Problem to solve:
Look for the line with "Some of the words" in the data below, then reproduce word for word that line and every line after it. Leave out all pictures and add nothing.

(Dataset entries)
########

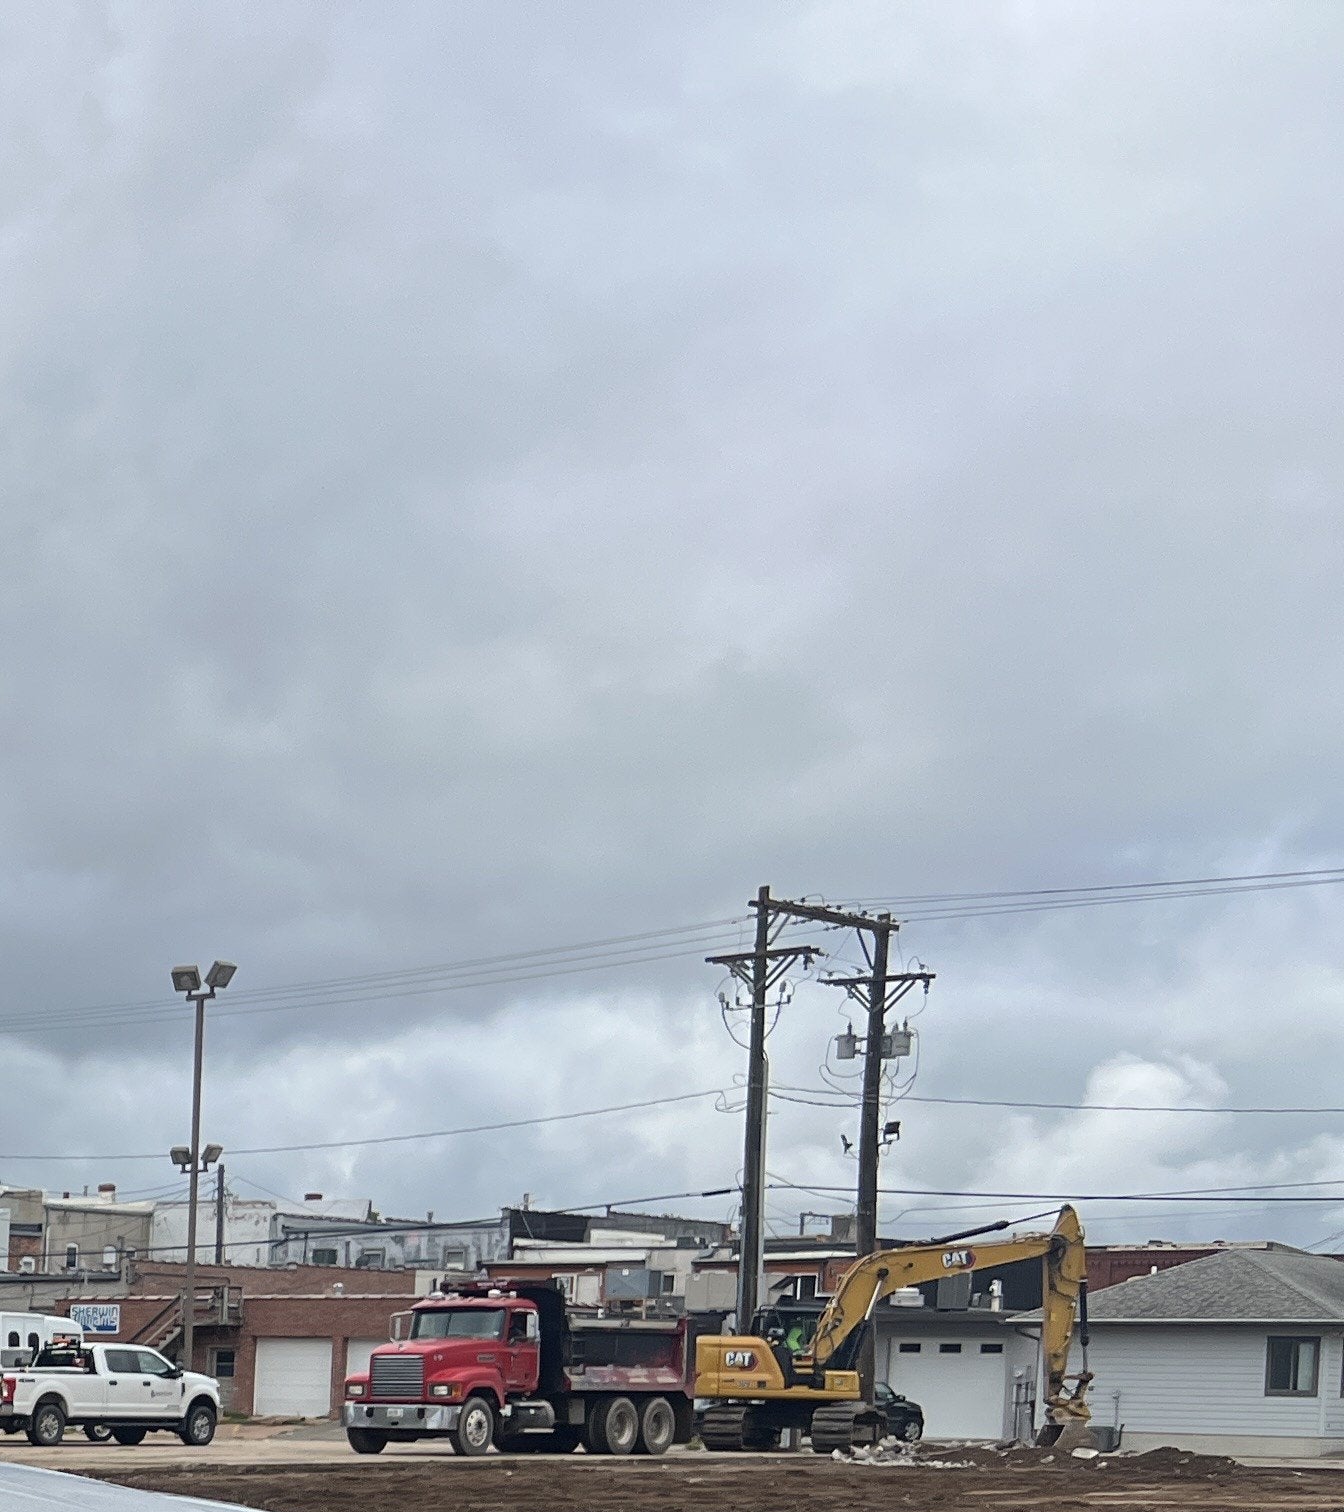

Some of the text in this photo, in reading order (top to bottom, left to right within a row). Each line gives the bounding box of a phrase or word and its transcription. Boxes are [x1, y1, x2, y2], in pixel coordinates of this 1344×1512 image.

[942, 1250, 968, 1268] CAT
[72, 1307, 118, 1318] SHERWIN
[725, 1351, 752, 1368] CAT
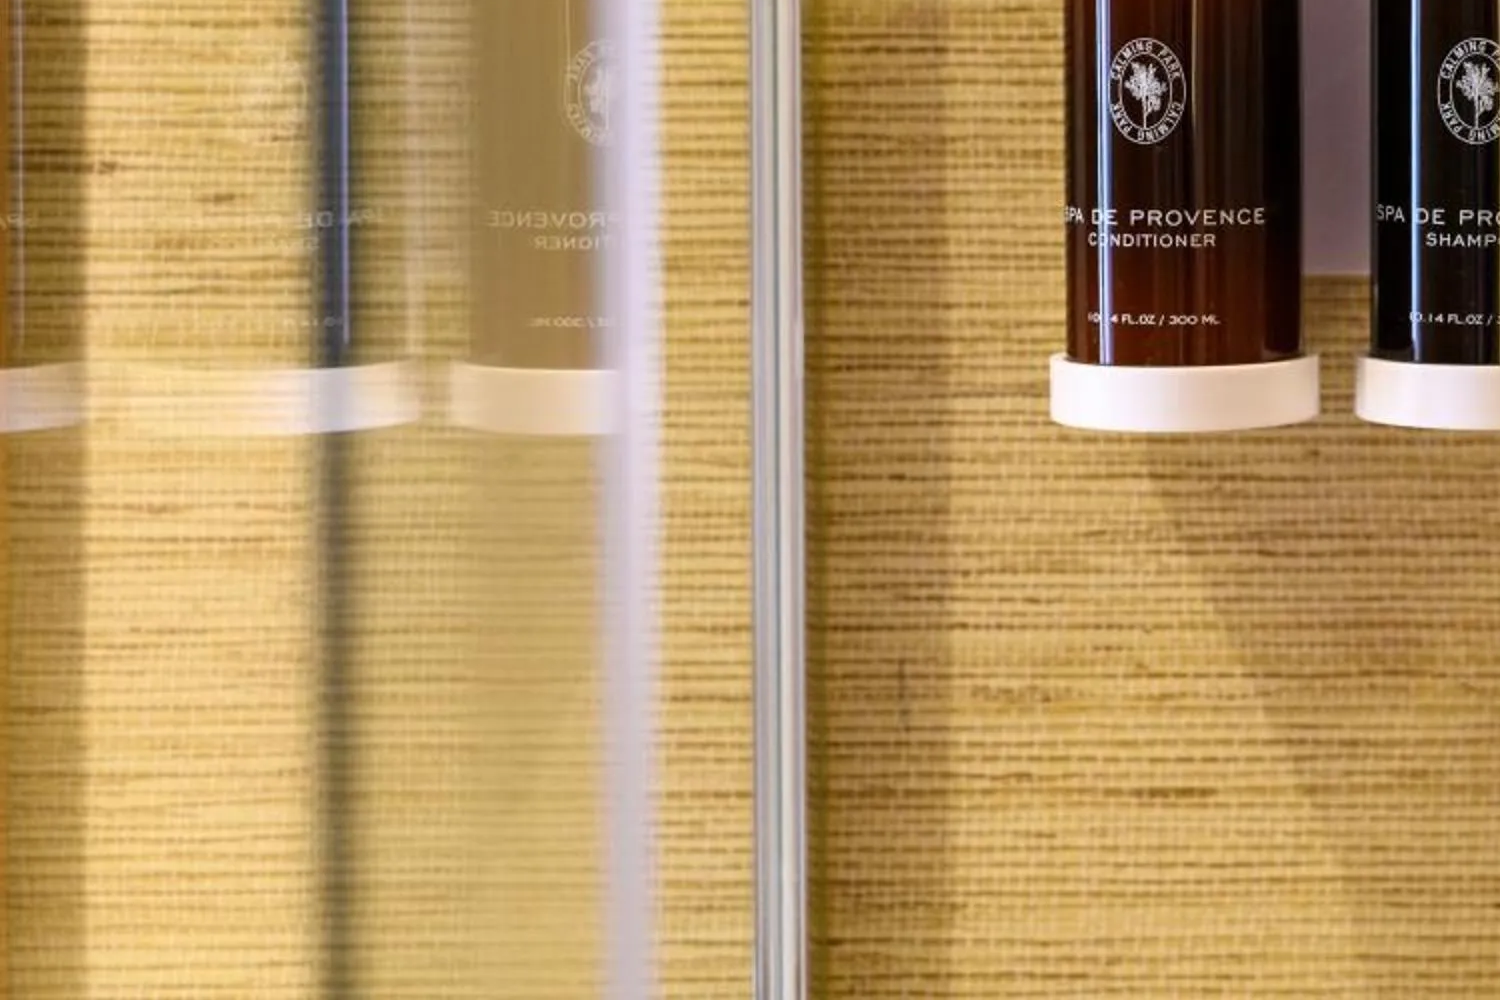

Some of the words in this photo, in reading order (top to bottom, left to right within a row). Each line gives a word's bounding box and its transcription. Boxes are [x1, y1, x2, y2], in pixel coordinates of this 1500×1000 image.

[1111, 40, 1153, 80] CALMING
[1441, 40, 1487, 79] CALMING
[1091, 208, 1118, 225] DE
[1130, 207, 1266, 226] PROVENCE
[1377, 204, 1406, 223] SPA
[1413, 208, 1446, 225] DE
[1088, 232, 1216, 248] CONDITIONER
[1169, 315, 1198, 325] 300
[1201, 314, 1221, 325] ML
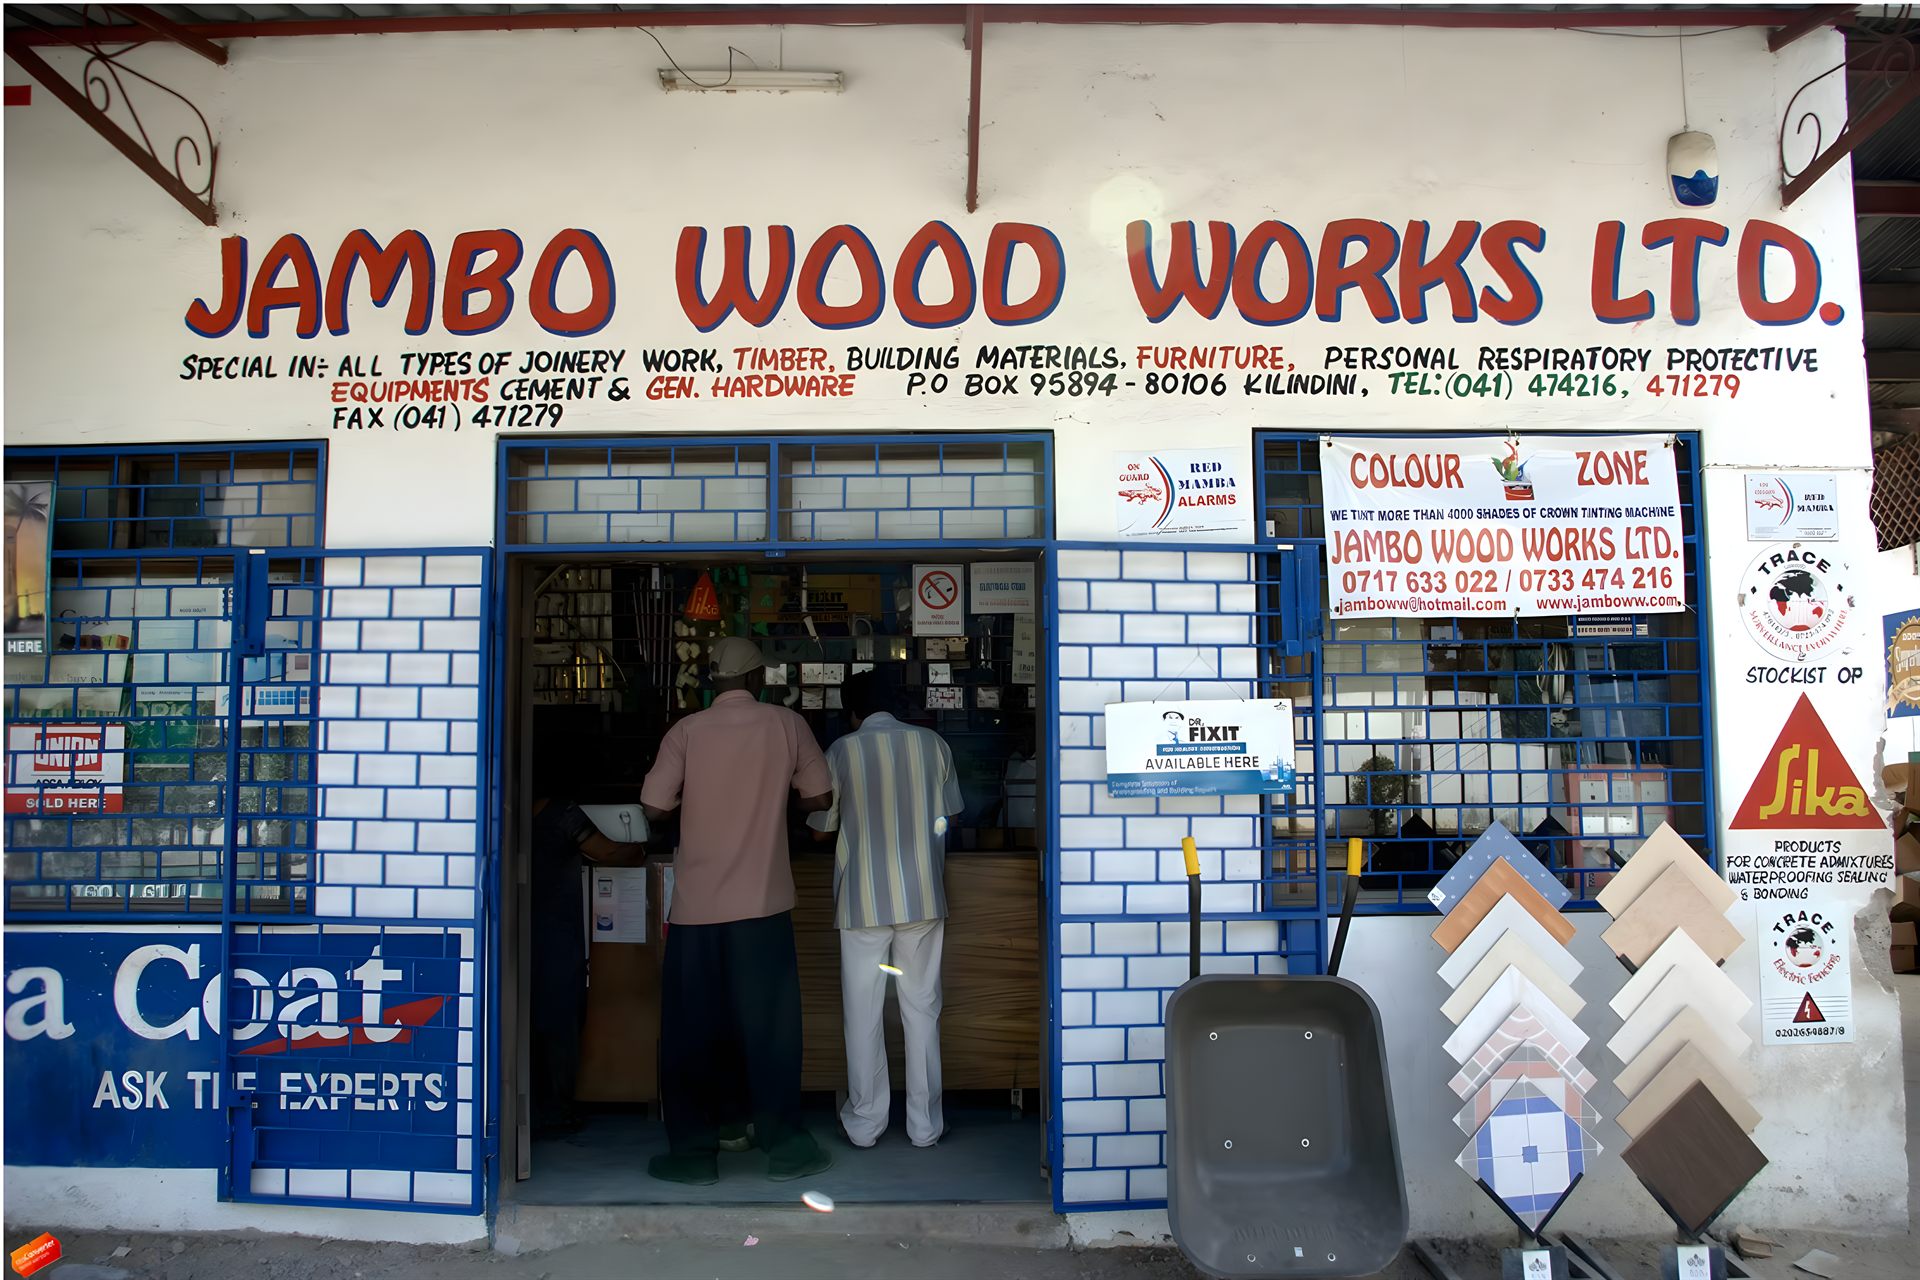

########

Task response:
Some of the words in this photo, in reading order (top to bottom, left to right within a row). Each line gives a word's bounding box and its transcription. Boxes are [x1, y1, x2, y2], in pixel coordinates of this 1500×1000 image.

[1111, 40, 1153, 80] CALMING
[1441, 40, 1487, 79] CALMING
[1091, 208, 1118, 225] DE
[1130, 207, 1266, 226] PROVENCE
[1377, 204, 1406, 223] SPA
[1413, 208, 1446, 225] DE
[1088, 232, 1216, 248] CONDITIONER
[1169, 315, 1198, 325] 300
[1201, 314, 1221, 325] ML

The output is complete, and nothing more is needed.